Goldin, die vor allem wegen ihrer beeindruckenden Bilder, in denen sie Tabus bricht, berühmt ist - in ihren Bildern geht es um Tod, Liebe, Sexualität, Drogen - hat ihren Video-Film "Scopophilia" vorgestellt.

Kultur aktuell, 15.03.2012

Sieht man im Internet nach, so findet man unter "Scopophilia" eine psychoanalytische Erklärung, die den Begriff mit Voyeurismus und Ähnlichem in Verbindung bringt. Nan Goldin sieht das anders: Es sei jemand, der so viel Vergnügen beim Sehen hat, dass es ihn völlig erfüllt, das sei nichts Sexuelles, meint Nan Goldin.

Für "Scopophilia" konnte Nan Goldin außerhalb der Besuchszeiten im Louvre fotografieren. Insgesamt waren drei Personen an dem Projekt beteiligt, auch ein Komponist, Alain Meyer. "Ich bin keine Kunsthistorikerin, und hatte Angst", sagt Goldin. "Ich habe auf die Gemälde reagiert und auf die Menschen, die dargestellt waren, und wusste manchmal nicht einmal, wer der Maler war. Aber ich sah kleine Details, die mich faszinierten. In dem Video gibt es so gut wie kein ganzes Bild."

Alte und neue Fotos kombiniert

Als die Fotos aus dem Louvre fertig waren, hat Nan Goldin sie mit früheren Aufnahmen aus der Zeit, als sie das, was sie "ikonografische" Arbeiten nannte, kombiniert - Fotos, die sie berühmt gemacht haben - von Drogenabhängigen, Aidskranken, Drag Queens oder einfach Verliebten.

"Wir haben passende Fotos zu den Bildern, die wir im Museum aufgenommen haben, ausgesucht, die meisten aus den 70er und 80er Jahren, und so entstanden Geschichten", sagt Goldin. "Sie sind nicht 1:1 gleich, aber es gibt viel Ähnlichkeit zwischen den Gesichtern, die ich auf den Gemälden gefunden habe, und den Gesichtern meiner Freunde."

Menschen, keine Außenseiter

Diese Arbeit mit Kunstwerken mag für Kenner der Arbeiten von Nan Goldin atypisch sein. "Das Problem ist, dass ich seit 2003 nach einem Streit mit dem Verleger kein Buch mehr publiziert habe, und so wissen die Menschen nicht, wie sehr sich meine Arbeit in den letzten zehn Jahren verändert hat", erklärt Goldin. "Es ist sehr unterschiedlich zu meinen ikonischen Arbeiten, es ist freundlicher, sanfter, es geht mehr um Licht Es sind Werke, die die Menschen nicht so gut kennen!"

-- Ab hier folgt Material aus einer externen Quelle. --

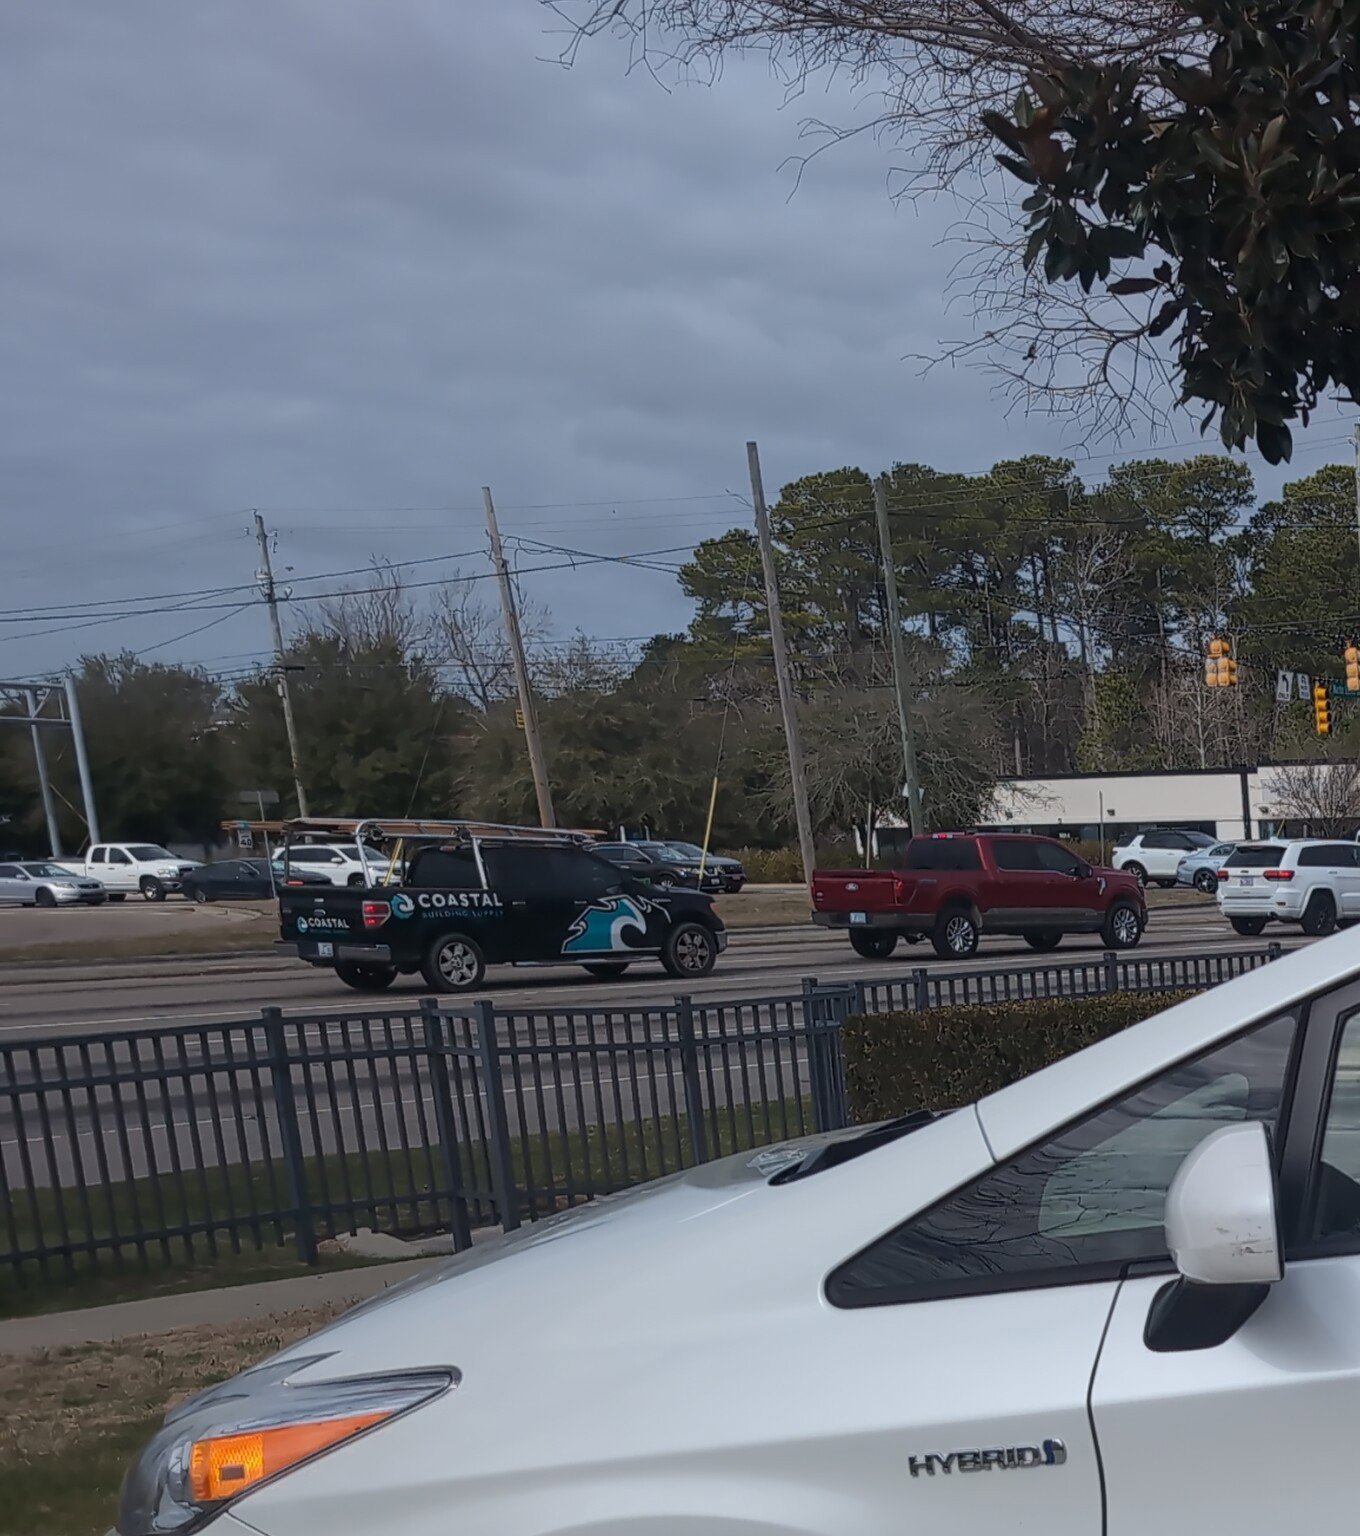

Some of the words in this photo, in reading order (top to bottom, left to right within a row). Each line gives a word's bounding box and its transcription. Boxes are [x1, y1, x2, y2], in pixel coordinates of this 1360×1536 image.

[418, 893, 503, 908] COASTAL
[422, 910, 468, 919] BUILDING
[307, 917, 351, 929] COASTAL
[908, 1445, 1042, 1478] HYBRID

Was ihre früheren, bekannten Arbeiten betrifft, so wehrt sich Nan Goldin dagegen, dass sie Außenseiter fotografiert habe: "Die Menschen haben oft gesagt, vor allem, was meine Arbeiten über sexuelle Abhängigkeit betrifft, dass ich Außenseiter, an dem Rand der Gesellschaft Lebende fotografierte. Ich verstehe das gar nicht, denn wir waren in unserer Welt. Und waren so die Außenseiter von niemandem. Die Menschen, die ich fotografiert habe, waren meine Freunde. Wir fühlten uns nie als Außenseiter, als Drogenabhängige oder Prostituierte. Es ist wie die Liste der sieben Todsünden. Das hat nichts mit menschlichen Erfahrungen zu tun."

Für den Betrachter haben diese Bilder eine starke Faszination, die zum Teil auch eine Form des Voyeurismus ist, da es sich ja oft um sehr intime Szenen handelt. Nicht nur sexuell: etwa das Bild, wo ein Mann einen sterbenden Aids-Kranken an dessen Spitalsbett küsst.